Each the midwife of Christ

December 13th, 2022
This article is featured in the The Abingdon Preaching Annual 2022 issue of Abingdon Preaching Annual. We are sharing it here to support your preaching work in these final days of Advent, as we look toward the Nativity of the Lord. 

The lectionary texts appointed for the day are Isaiah 9:2-7; Psalm 96; Titus 2:11-14; Luke 2:1-14 (15-20).

Preacher to Preacher Prayer 

We rejoice, O God, that you are so ready to be born in us. Help us, O God, to be as eager to receive you as you are to come. In Jesus’s name. Amen. 

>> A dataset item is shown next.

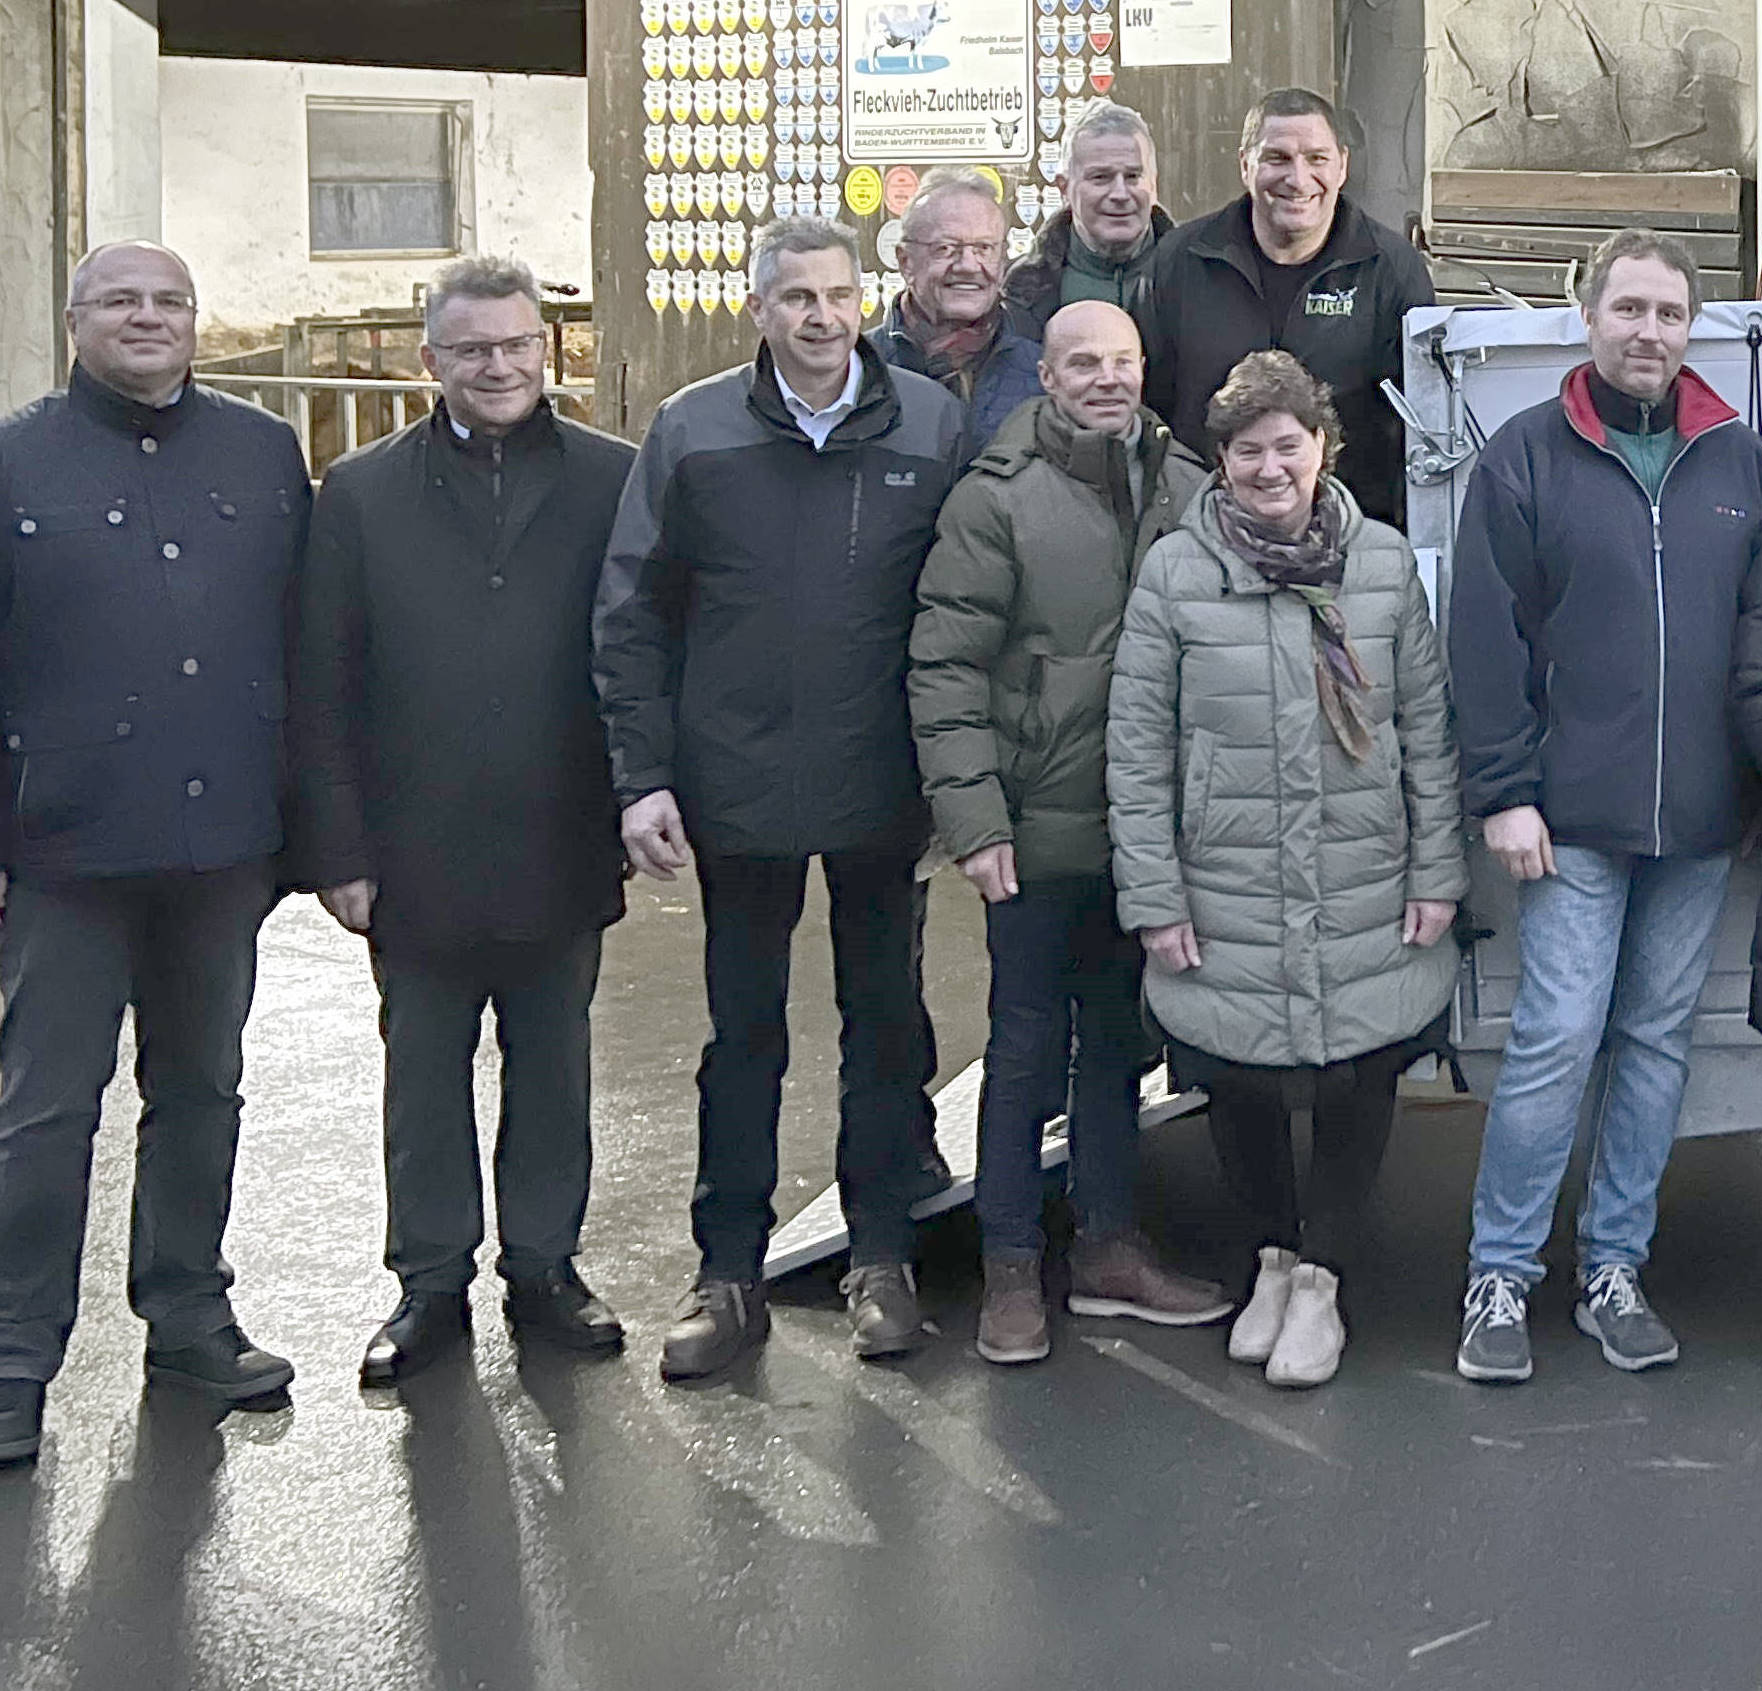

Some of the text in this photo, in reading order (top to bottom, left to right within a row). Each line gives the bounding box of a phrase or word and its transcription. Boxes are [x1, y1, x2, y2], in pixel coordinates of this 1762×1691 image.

[853, 86, 1023, 114] Fleckvieh-Zuchtbetrieb
[854, 127, 987, 137] RINDERZUCHTVERBAND IN
[1305, 299, 1354, 317] KAISER

If you want, the virgin will come. Preaching on Christmas Eve (and on Christmas Day) is uniquely difficult. Many are there for one of the few obligatory events of the year, often not so much as a spiritual practice but as a nod to family tradition that is non-negotiable. Often the best preaching in their estimation is that which takes the fewest minutes! Further, travel for the holiday creates a fruit basket turnover of attendance—we often look out upon a sea of strange faces, knowing that most of the familiar faces have traveled elsewhere to be with family and listen to preachers unknown to them. When you factor in the excitement of the children, who have reached a Christmas frenzy and are eager to get on to the more exciting festivities, the poor preacher has a Herculean challenge! 

Despite the challenge, it is the holiest evening of the year. We have the rare and wonderful opportunity to open the hearts and minds of all sorts of people to the power of the Holy Spirit and a God who desperately wants to reach them. So desperately that God came to earth to live among them, full of grace and truth. 

How do we best bear witness to the wonder of the incarnation? Some try to counter the familiarity of the story by taking some very creative approaches to the sermon. Most of these ventures, in my estimation, fall flat. Worse yet, some simply read the story and leave it at that. If so, the preacher fails to help the listeners appropriate the story into their own lives. The preacher leaves them with a shallow, Ricky Bobby (if you’ve never seen Ricky Bobby pray to the baby Jesus in Talladega Nights: The Ballad of Ricky Bobby, Google it or watch it on YouTube) treatment of the nativity and they go home having heard a nice story. 

Yes, the story is important, but why is it important? What is the story that this story introduces? On Christmas Eve we must examine the meaning of the incarnation rather than just read the birth narrative of Jesus. As I ponder the incarnation, this year I land on the importance of emphasizing that we must bear and give birth to Jesus Christ in our own lives. We are, like Mary, Christ-bearers. I have long loved Phillips Brooks’s third verse of “O Little Town of Bethlehem”: 

How silently, how silently, 
the wondrous gift is giv’n! 
So God imparts to human hearts 
the blessings of his heav’n. 
No ear may hear his coming, 
but in this world of sin 
Where meek souls will receive him still 
The dear Christ enters in. 

Bringing the Text to Life 

  1. The manger in Bethlehem becomes the birthplace for all humans! As Christ is born in each of us, we are changed and, as a result, the world will be changed. It’s an epic story still unfolding, and I am a part of it. Sanctification plays a big part in my Methodist faith tradition and needs to reclaim a premier place in our preaching. It reminds us that the goal in life is to think Christ’s thoughts, follow Christ’s direction, and value what Christ would value. We are called to open every aspect of our lives to his power and influence, with the goal of letting him make us perfect in love. And, if we join forces with others seeking to grow up into Christ, we become a transformative force of love that changes homes, workplaces, communities, and the world. God’s love remakes us and, ultimately, all of creation. Our work continues until Christ comes again in final victory and takes full charge over all things. 
  2. Every Christmas Eve is a time to reevaluate Christ’s birth in our lives. Are we more like him than we were a year ago? Is the process of becoming more like him continuing, or has it stalled out amid the distractions and chaos of our daily lives? Are we daily setting aside time and space to pray, read scripture, and allow God to occupy our minds and hearts? Are we fully surrendering? Are we “meek souls” willing to receive Christ? Or are there parts of ourselves that we are withholding, parts of our lives of which we refuse to let go, parts of our being to which we stubbornly hold on? Are we afraid of how God could use us if we let down our guards? Are we shutting Jesus out just as effectively as he was shut out of places to stay in Bethlehem? The world still avoids God. 

  3. As you ponder the incarnation, reflect on a profound idea found in a poem, loosely attributed to St. John of the Cross (1542–1591, translated by Daniel Ladinsky), that emphasizes how we, like Mary, bear Christ: “For each of us is the midwife of God, each of us.”